Earlier this month, the Social Media Victims Law Center – a legal resource for relatives of children harmed by social media –announced that it had filed two wrongful death lawsuits on behalf of the devastated parents.
Both 8-year-old Lalani Erika from Texas and 9-year-old Arriani Jaileen Arroyo from Wisconsin took part in the deadly 'Blackout Challenge', leading to both the girls tragically passing away.
The suits, filed in the Superior Court of California, allege that TikTok's algorithm 'intentionally and repeatedly' pushed the 'Blackout Challenge' onto the victims' For You pages, motivating them to participate.

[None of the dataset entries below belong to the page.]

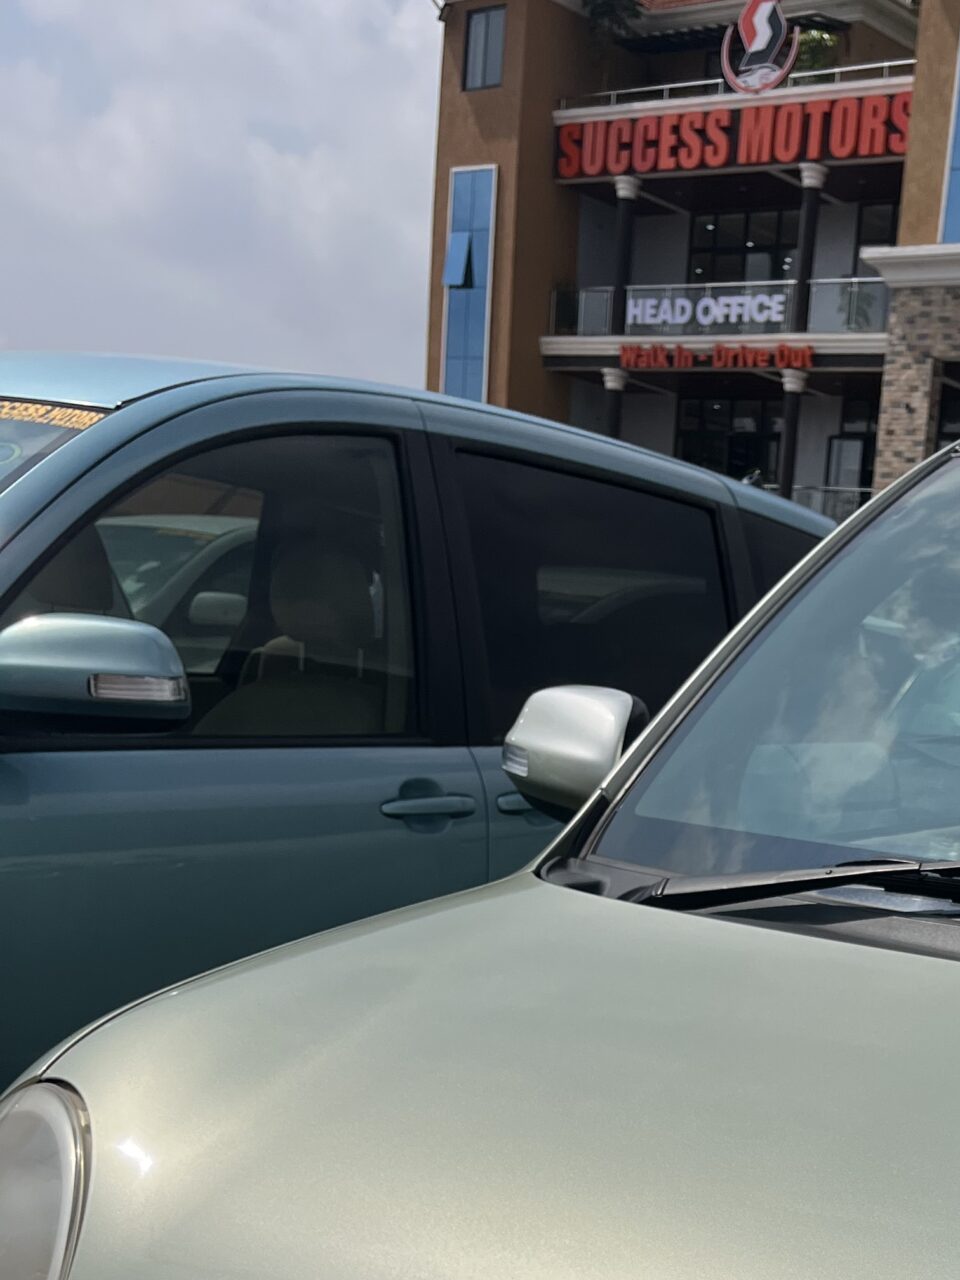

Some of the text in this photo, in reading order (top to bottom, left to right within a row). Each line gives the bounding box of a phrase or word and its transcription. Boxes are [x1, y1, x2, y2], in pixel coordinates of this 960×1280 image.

[559, 92, 912, 177] SUCCESS MOTORS
[626, 294, 786, 326] HEAD OFFICE
[619, 342, 668, 369] Walk
[711, 342, 770, 369] Drive
[774, 342, 814, 369] Out

It goes on to argue that the design of the app results in an 'addictive product' that isn't safe for users, failing to alert minors and their parents that it is 'addictive and pushes harmful content' into their recommended feeds.
In a statement, Matthew P Bergman, founding attorney of SMVLC, said: "TikTok needs to be held accountable for pushing deadly content to these two young girls.
"TikTok has invested billions of dollars to intentionally design products that push dangerous content that it knows are dangerous and can result in the deaths of its users."
According to SMVLC, Erika was gifted her first cellphone on her eight birthday, and soon after downloaded TikTok which she used to share videos of herself singing and dancing.
Arroyo used the app for the same purposes, having received a phone when she was seven years old.
Erika passed away after taking part in the challenge on July 15, 2021, while Arroyo died from the same causes on February 26, 2021.
Sadly this isn't the only case of its kind, with numerous children dying in recent years after partaking in dangerous social media trends and stunts.
Last year, two 12-year-old boys from Oklahoma and Colorado died after trying the 'Blackout Challenge' in separate incidents.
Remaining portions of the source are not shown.